FMI reduz previsão de crescimento global, mas melhora a do Brasil

Segundo cálculos, depois de se expandir 2,9% em 2019, a economia mundial crescerá 3,3% este ano, um décimo abaixo do estimado em outubro. Brasil deve crescer 2,2%

O Fundo Monetário Internacional (FMI) apresentou suas novas previsões de crescimento nesta segunda-feira, durante o Fórum Econômico Mundial, como vem fazendo nos últimos anos. Segundo seus cálculos, depois de se expandir 2,9% em 2019, a economia mundial crescerá 3,3% este ano e 3,4% em 2021, um e dois décimos, respectivamente, abaixo do estimado há três meses pelo órgão. A origem da redução passa por um comportamento negativo “inesperado” em algumas economias emergentes, especialmente na Índia. No Brasil, a previsão de crescimento para 2020 foi atualizada 0,2% para cima, impulsionada pela reforma da Previdência e a queda nas taxas de juros. A projeção é que a economia brasileira cresça 2,2% em 2020 e 2,3%, em 2021 (uma queda de 0,1% em relação a previsão anterior para este ano).

Os países desenvolvidos, em geral, crescerão no ritmo previsto em outubro ou um décimo abaixo, na pior das hipóteses. Apenas o Japão crescerá dois décimos a mais do que o esperado, calcula o Fundo, mas isso significa atingir 0,7%. O crescimento nos Estados Unidos cairá de 2,3% em 2019 a 2% este ano e 1,7% no próximo ano, agora que os efeitos da redução de impostos promovida pelo país já se diluíram. O crescimento da zona do euro, no entanto, se recuperará de 1,2% para 1,3% este ano por causa da redução prevista na Espanha e a da Alemanha, onde a indústria ainda continuava no vermelho no final de 2019.

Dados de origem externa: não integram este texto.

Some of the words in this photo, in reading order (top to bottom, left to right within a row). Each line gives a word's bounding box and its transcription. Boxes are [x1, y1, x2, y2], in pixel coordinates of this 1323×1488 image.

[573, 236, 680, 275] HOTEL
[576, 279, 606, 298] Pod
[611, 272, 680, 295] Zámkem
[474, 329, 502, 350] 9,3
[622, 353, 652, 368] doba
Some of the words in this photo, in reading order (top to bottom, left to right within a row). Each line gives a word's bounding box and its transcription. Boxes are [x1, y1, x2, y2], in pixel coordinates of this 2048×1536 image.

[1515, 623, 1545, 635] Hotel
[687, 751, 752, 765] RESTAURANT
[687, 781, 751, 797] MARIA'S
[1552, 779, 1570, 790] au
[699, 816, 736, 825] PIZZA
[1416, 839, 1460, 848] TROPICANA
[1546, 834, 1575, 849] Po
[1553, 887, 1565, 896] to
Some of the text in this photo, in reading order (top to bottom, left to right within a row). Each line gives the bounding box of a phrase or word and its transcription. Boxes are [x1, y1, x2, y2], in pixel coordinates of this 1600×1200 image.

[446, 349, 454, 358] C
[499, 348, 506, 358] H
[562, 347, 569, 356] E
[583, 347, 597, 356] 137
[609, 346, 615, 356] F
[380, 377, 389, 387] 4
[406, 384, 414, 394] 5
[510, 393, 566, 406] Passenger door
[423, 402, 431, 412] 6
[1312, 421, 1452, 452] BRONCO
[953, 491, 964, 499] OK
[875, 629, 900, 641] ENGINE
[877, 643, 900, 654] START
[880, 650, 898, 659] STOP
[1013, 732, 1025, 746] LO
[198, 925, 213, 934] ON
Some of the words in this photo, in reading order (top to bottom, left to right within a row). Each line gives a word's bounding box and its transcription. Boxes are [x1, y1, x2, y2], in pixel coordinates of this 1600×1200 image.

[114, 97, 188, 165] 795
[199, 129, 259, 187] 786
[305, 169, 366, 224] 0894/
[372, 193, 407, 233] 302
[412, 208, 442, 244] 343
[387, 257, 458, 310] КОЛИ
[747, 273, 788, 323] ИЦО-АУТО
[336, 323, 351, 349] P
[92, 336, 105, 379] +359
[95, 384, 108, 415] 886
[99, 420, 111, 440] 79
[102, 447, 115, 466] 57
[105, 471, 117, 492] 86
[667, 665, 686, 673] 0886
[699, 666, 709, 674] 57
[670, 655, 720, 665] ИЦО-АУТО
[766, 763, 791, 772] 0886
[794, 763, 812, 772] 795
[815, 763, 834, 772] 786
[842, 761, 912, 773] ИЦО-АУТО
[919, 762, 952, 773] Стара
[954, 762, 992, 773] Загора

Justo quando seu Governo se vangloriava de ter superado a China em taxa de crescimento, a Índia crescerá este ano 5,8%, 1,2 ponto percentual abaixo do estimado. Para 2021, o crescimento se recuperará e chegará a 6,5%, ainda nove décimos a menos do que o e previsto. A China continuará no caminho da moderação, com um crescimento de 6% este ano, um décimo a menos do que o anterior, e de 5,8% em 2021. No entanto, o acordo comercial fechado com os EUA permite ao gigante asiático recuperar dois décimos em relação ao previsto em outubro.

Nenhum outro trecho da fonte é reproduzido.